Your task: Write an exact copy of the entries below that leaves out all pictures.

Collected data
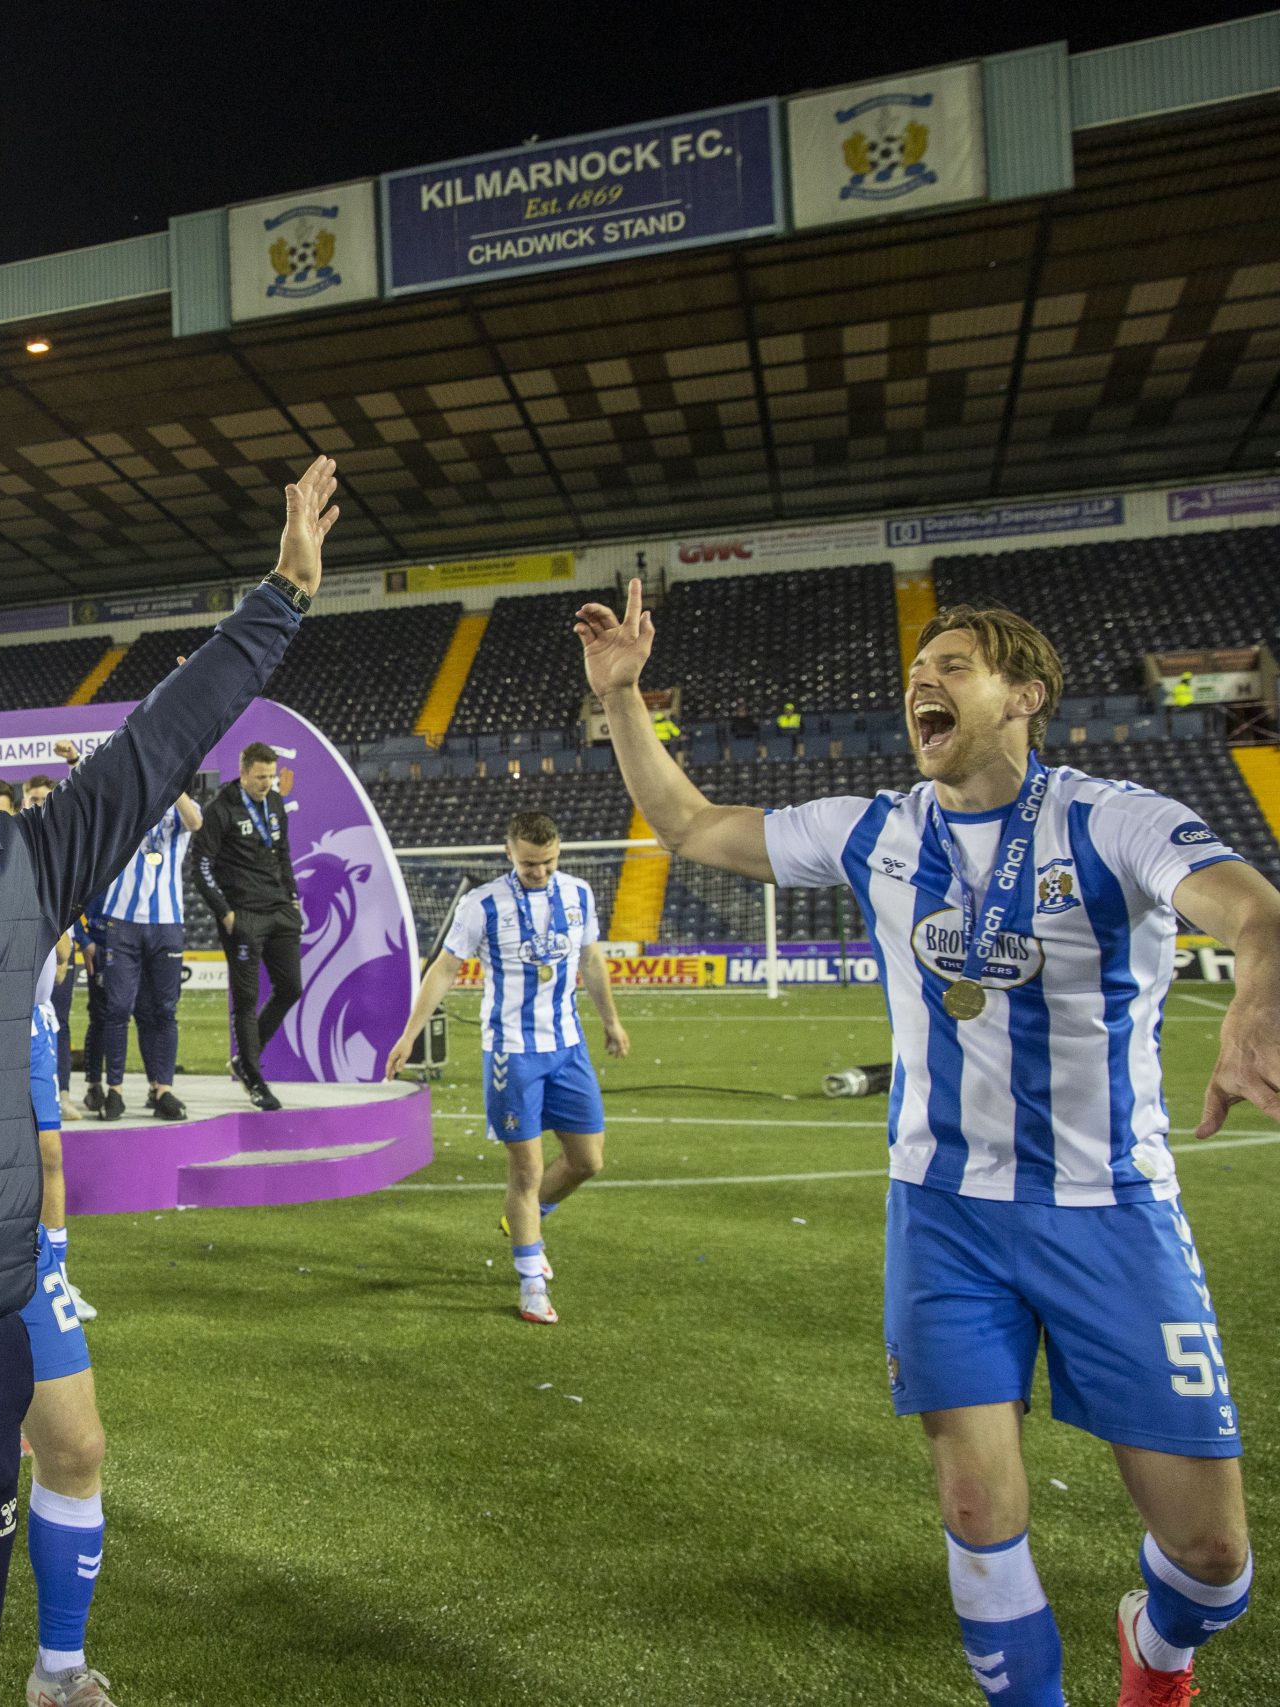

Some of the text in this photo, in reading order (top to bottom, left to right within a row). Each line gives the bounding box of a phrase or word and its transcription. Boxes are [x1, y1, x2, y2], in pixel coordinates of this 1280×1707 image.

[420, 128, 734, 212] KILMARNOCK F.C.
[523, 183, 625, 219] Est. 1869
[467, 210, 687, 266] CHADWICK STAND
[1018, 773, 1048, 823] cinch
[994, 837, 1029, 890] cinch
[974, 905, 1006, 960] cinch
[605, 959, 699, 976] OWIE
[619, 976, 699, 985] LIMITED
[729, 958, 880, 983] HAMILTO
[940, 959, 963, 970] THE

Exercise answer:
Some of the text in this photo, in reading order (top to bottom, left to right within a row). Each line gives the bounding box of a phrase or word and its transcription. Boxes are [x1, y1, x2, y2], in pixel coordinates of this 1280×1707 image.

[420, 128, 734, 212] KILMARNOCK F.C.
[523, 183, 625, 219] Est. 1869
[467, 210, 687, 266] CHADWICK STAND
[1018, 773, 1048, 823] cinch
[994, 837, 1029, 890] cinch
[974, 905, 1006, 960] cinch
[605, 959, 699, 976] OWIE
[619, 976, 699, 985] LIMITED
[729, 958, 880, 983] HAMILTO
[940, 959, 963, 970] THE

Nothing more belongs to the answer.